How does ClpS contribute to the virulence mechanisms of Vibrio vulnificus?

The role of ClpS in V. vulnificus virulence is multifaceted and involves several mechanisms:

  • Protein quality control: ClpS, as part of the protein degradation machinery, helps the pathogen maintain proteostasis during stress conditions encountered during infection .

  • Stress response regulation: Similar to other regulatory proteins in V. vulnificus (like the stressosome complex), ClpS may contribute to the bacterial stress response during host invasion and environmental transitions .

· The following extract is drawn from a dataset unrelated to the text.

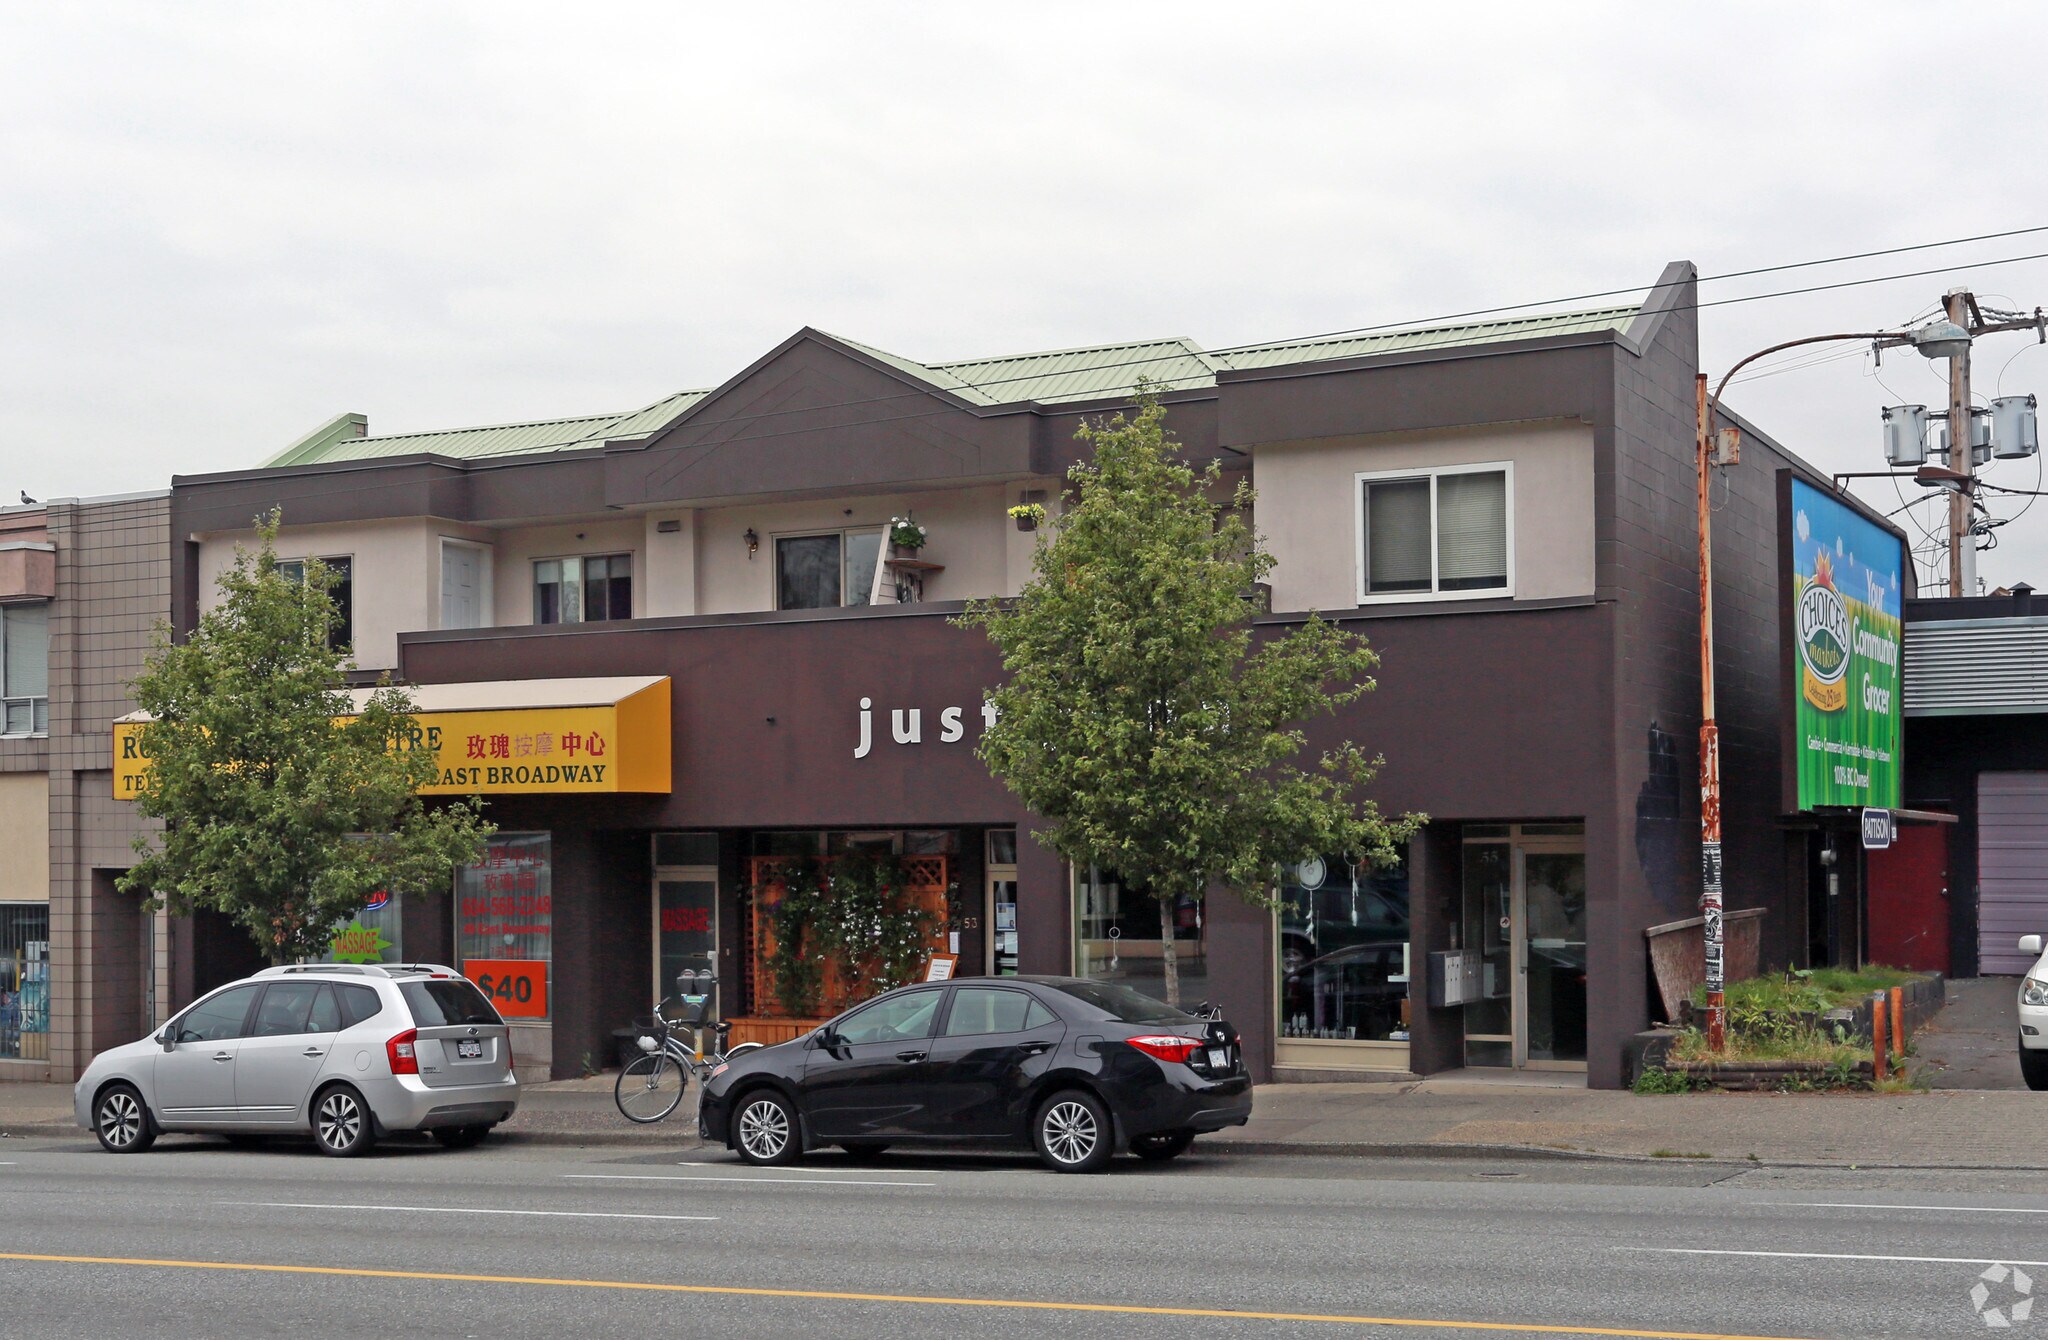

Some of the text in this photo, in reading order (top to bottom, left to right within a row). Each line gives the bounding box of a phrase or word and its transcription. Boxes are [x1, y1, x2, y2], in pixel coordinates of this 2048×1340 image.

  • Virulence factor regulation: ClpS likely influences the stability and turnover of specific virulence factors through selective protein degradation, although direct evidence linking ClpS to specific V. vulnificus virulence factors remains an active area of research .

  • Adaptation to host environments: The protein degradation pathway involving ClpS may help V. vulnificus adapt to changing environments within the host, particularly during the transition from environmental to host conditions .

Comprehensive studies directly connecting ClpS to specific virulence mechanisms in V. vulnificus are still emerging, presenting opportunities for further research.

Is there variation in ClpS structure or function across different V. vulnificus biotypes?

Research indicates potential variation in ClpS structure and function across different V. vulnificus biotypes:

BiotypeClpS CharacteristicsAssociated Pathogenicity
Biotype 1 (Clinical)Higher conservation of ClpS and associated protein degradation componentsOften associated with severe human infections, higher mortality
Biotype 2 (Environmental)Potential variations in ClpS sequence and regulatory elementsLower clinical significance, primarily found in environmental samples
SUKU_G1/G2/G3 SubtypesMay contain distinct genetic features affecting ClpS functionVariable virulence based on unique enzymatic profiles

While specific ClpS sequence variations across biotypes have not been extensively characterized, recent comparative genomic analyses suggest that variation in protein degradation machinery, including ClpS-associated pathways, may contribute to differential virulence among strains .

How does the intrinsically disordered N-terminal extension (NTE) of ClpS regulate ClpAP function?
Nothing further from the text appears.